A família de um servidor que morreu em decorrência de hantavirose será indenizada e receberá pensão mensal após a Justiça reconhecer que a doença foi contraída no exercício das funções, em ambiente sem condições adequadas de segurança. A hantavirose é uma zoonose viral grave, transmitida principalmente pela inalação de aerossóis de urina, fezes e saliva de roedores silvestres.
A 6ª Câmara Cível do Tribunal de Justiça de Minas Gerais (TJMG) confirmou a sentença da Comarca de Patrocínio, no Alto Paranaíba, que condenou o Município de Guimarânia a indenizar a viúva e os filhos de um servidor público. Além das indenizações, o município também deverá pagar pensão mensal calculada sobre o salário recebido pela vítima.
O servidor foi contratado como operador de máquinas e atuou na demolição de uma casa em ruínas sob responsabilidade do município. De acordo com o processo, o imóvel estava infestado de ratos, considerados os principais transmissores do hantavírus.

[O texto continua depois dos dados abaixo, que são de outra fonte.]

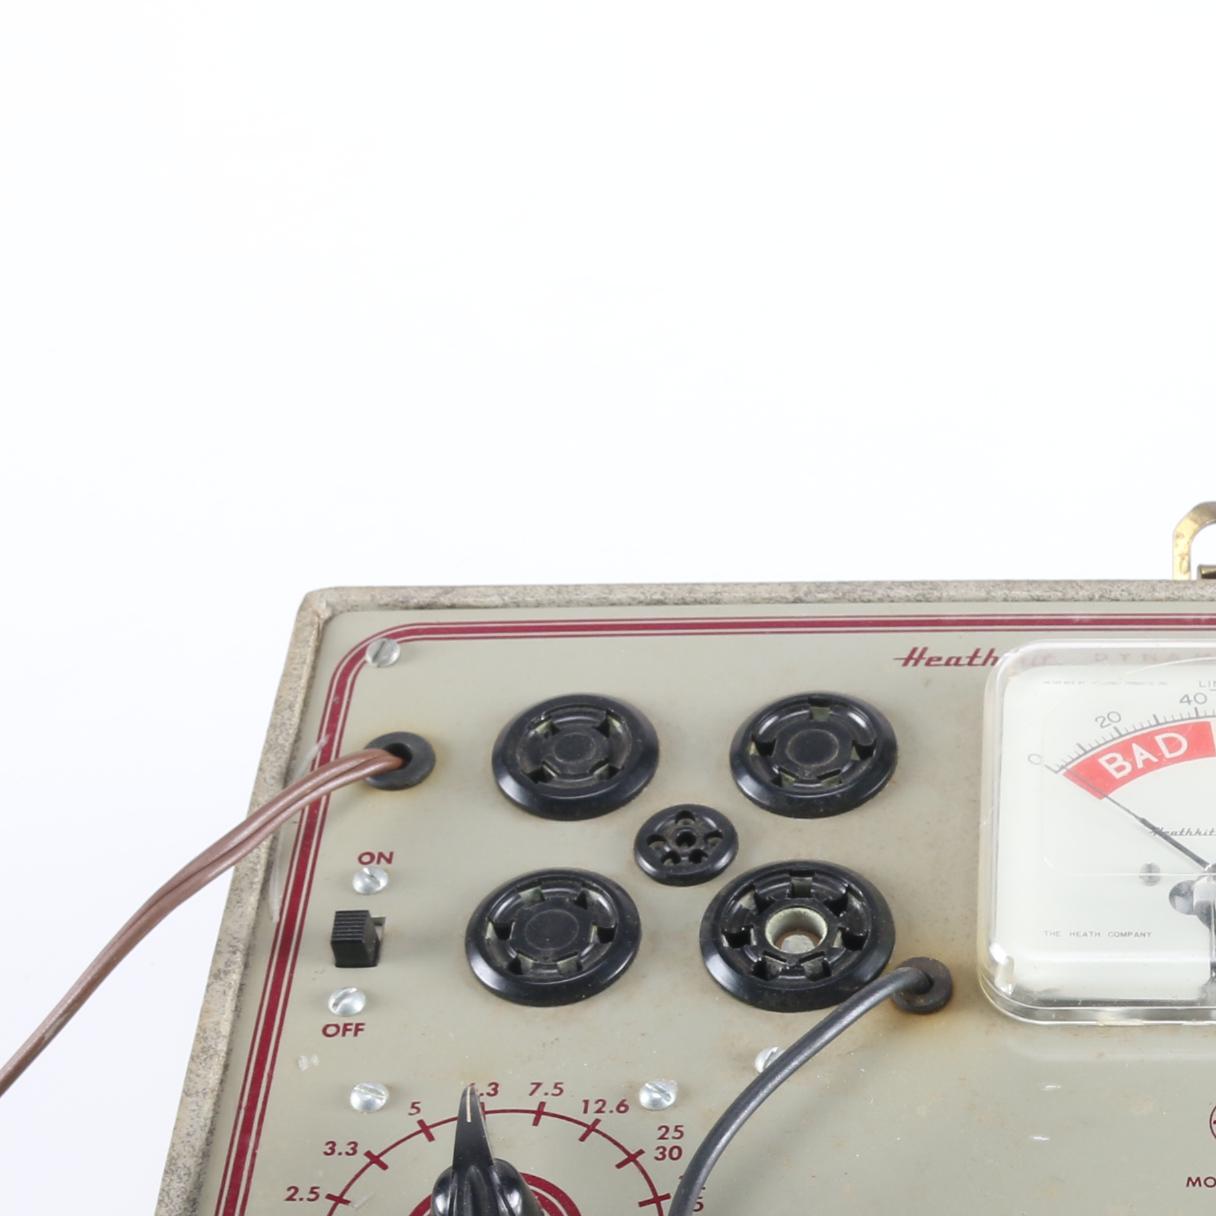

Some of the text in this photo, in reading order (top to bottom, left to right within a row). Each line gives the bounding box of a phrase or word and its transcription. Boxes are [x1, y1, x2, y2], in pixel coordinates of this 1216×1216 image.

A perícia concluiu que as condições de trabalho eram inadequadas e que o trabalhador não recebeu Equipamentos de Proteção Individual (EPIs) compatíveis com o risco, como máscaras, óculos e luvas de látex. Segundo o laudo, a infecção ocorreu após inalação de poeira e contato com fezes e urina de roedores no local. Testemunhas ouvidas relataram que o servidor tinha boa saúde antes da tarefa e que não recebeu treinamento de segurança.
Contaminação contestada
Condenado em primeira instância, o município recorreu ao TJMG sob o argumento de que não havia prova de que a contaminação tivesse ocorrido durante o trabalho. A administração municipal também sustentou a hipótese de que o servidor já estaria doente antes de executar a obra.
Relator do caso, o desembargador Leopoldo Mameluque rejeitou as alegações e apontou que o nexo causal entre a ausência de proteção e a morte do trabalhador ficou comprovado, o que gerou o dever de indenizar.

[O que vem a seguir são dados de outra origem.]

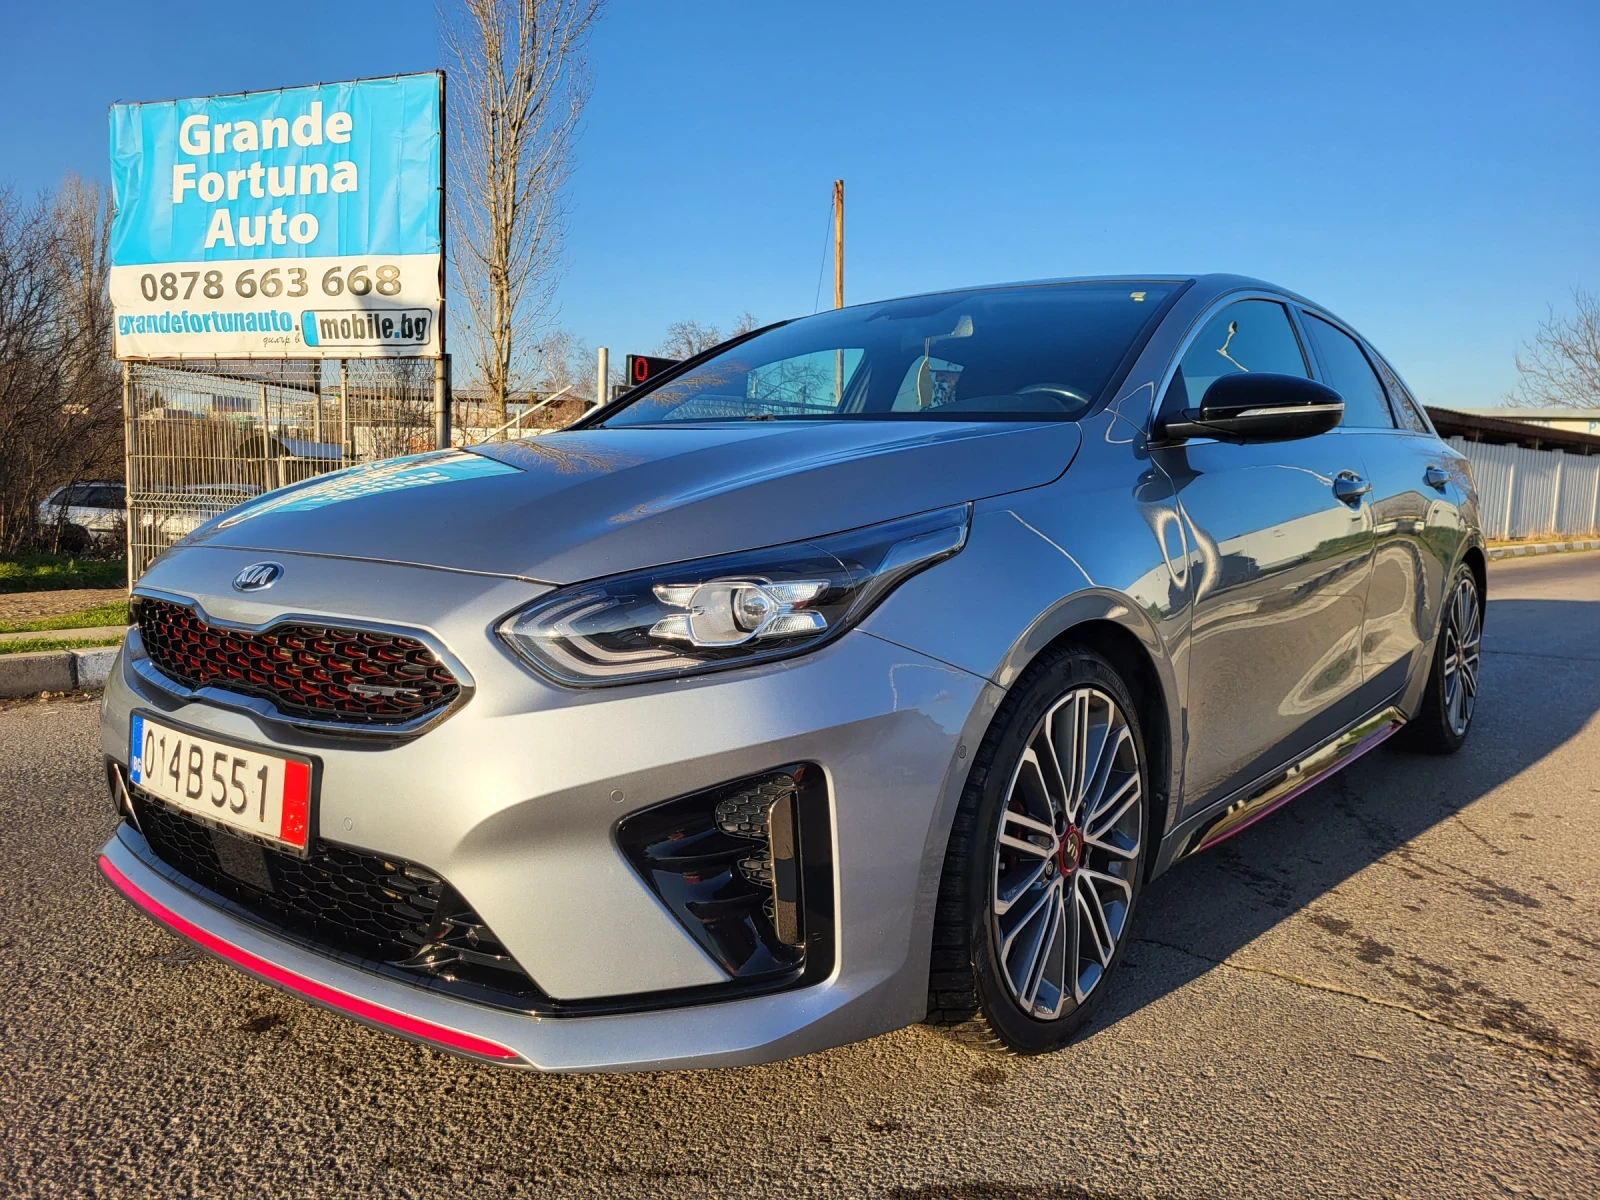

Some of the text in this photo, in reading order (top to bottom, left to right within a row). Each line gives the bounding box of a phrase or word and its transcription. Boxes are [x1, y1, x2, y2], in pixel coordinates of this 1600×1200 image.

[179, 101, 353, 156] Grande
[172, 160, 358, 203] Fortuna
[204, 207, 319, 248] Auto
[140, 264, 402, 301] 0878 663 668
[319, 313, 428, 341] mobile.bg
[634, 357, 648, 381] 0
[236, 565, 274, 585] KIA
[133, 756, 142, 773] BG
[144, 729, 269, 822] 014B551

“Restou demonstrado que o servidor teria sido exposto ao risco de contaminação ao desempenhar suas funções na obra de demolição de um imóvel abandonado, sob a responsabilidade do Município de Guimarânia, onde havia muitos roedores, principais transmissores do hantavírus. Conforme a prova técnica realizada, as condições de trabalho eram inadequadas, ocasionando o contágio”, apontou o magistrado.

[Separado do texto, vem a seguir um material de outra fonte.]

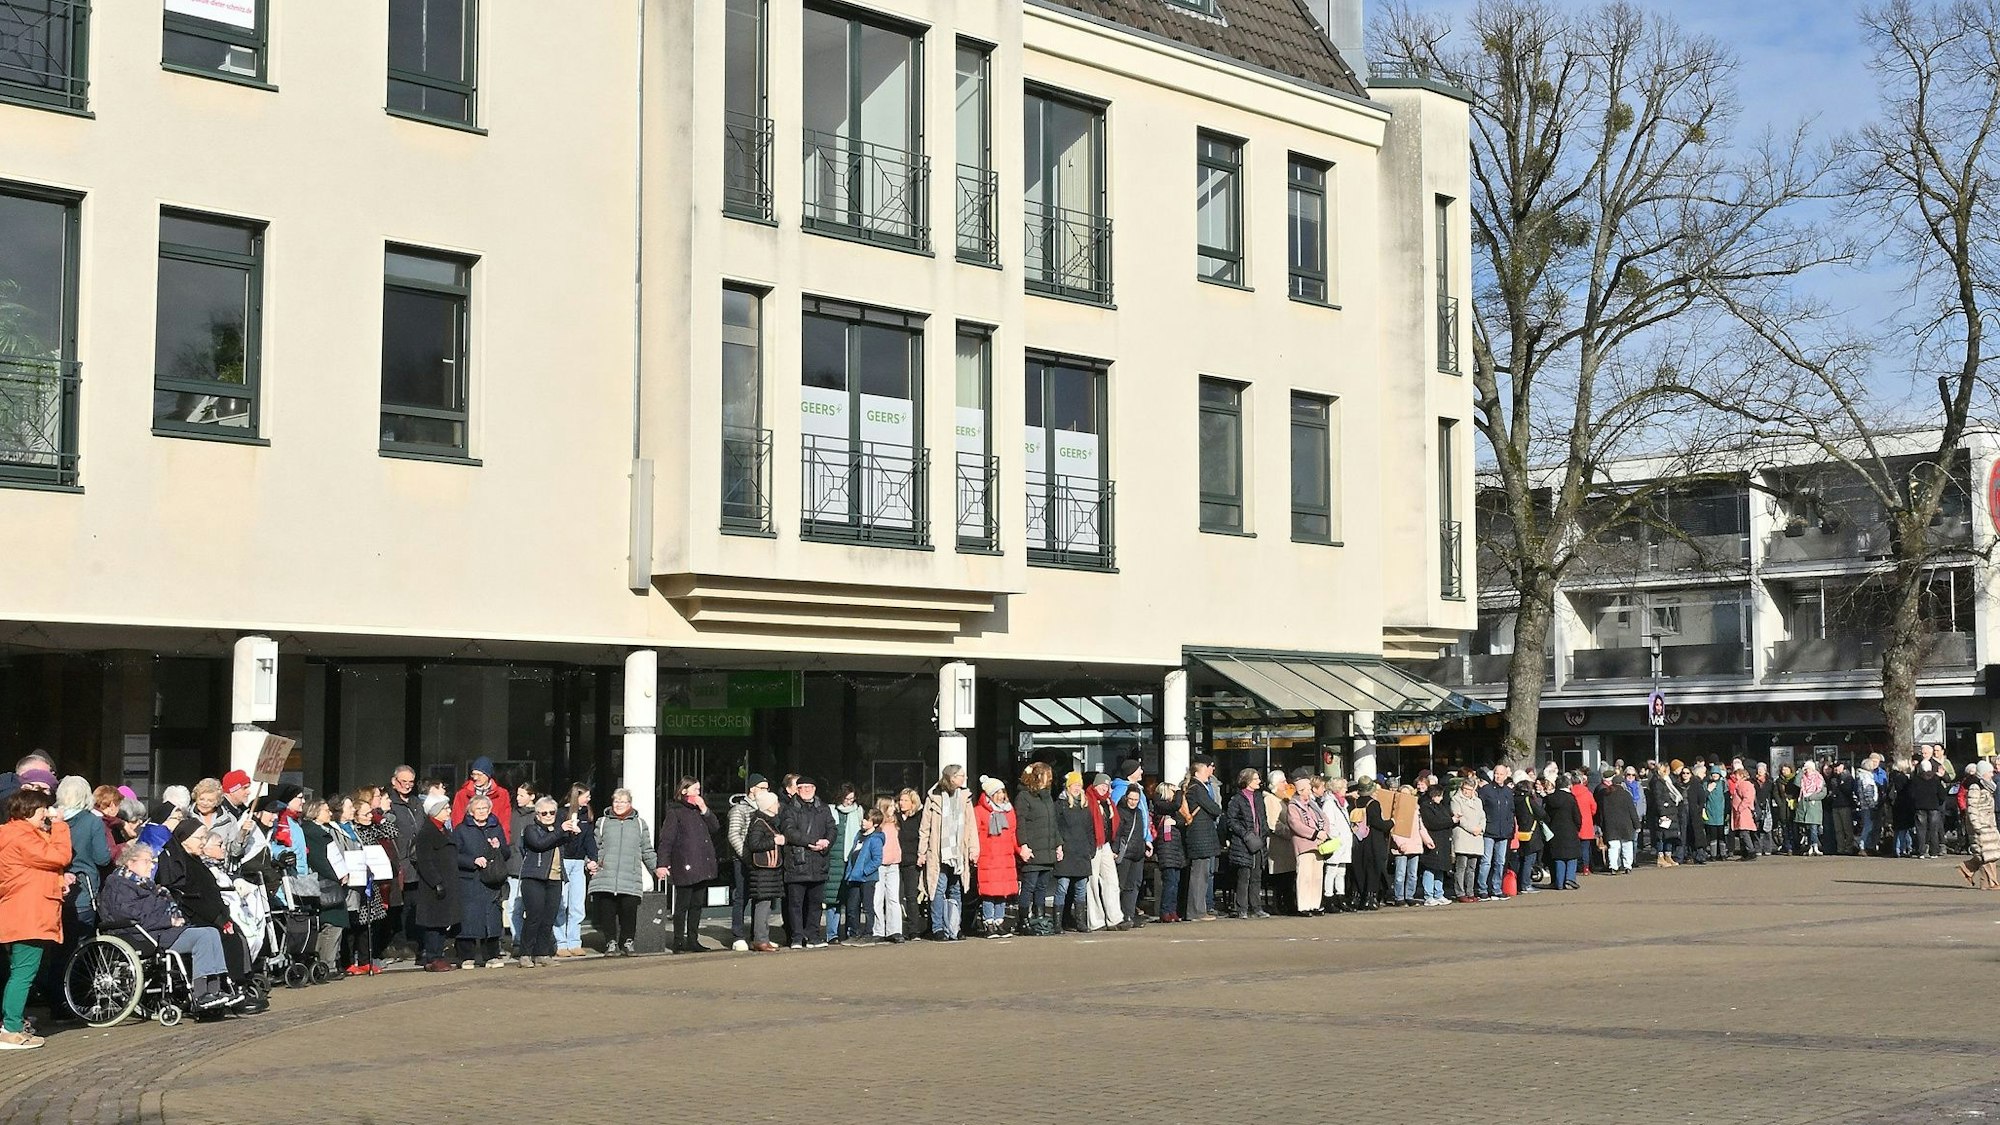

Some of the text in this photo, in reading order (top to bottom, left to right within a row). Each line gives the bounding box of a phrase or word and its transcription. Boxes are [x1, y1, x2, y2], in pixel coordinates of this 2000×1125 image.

Valores mantidos e pensão ampliada
A turma julgadora manteve o valor de R$ 50 mil por danos morais fixado na sentença. O colegiado também acolheu o pedido da família para que a pensão mensal fosse ampliada de 2/3 do salário mínimo para 2/3 do salário efetivamente recebido pelo servidor, até a data em que ele completaria 73 anos. Além disso, foi determinado o ressarcimento de R$ 2,7 mil referentes às despesas com o funeral.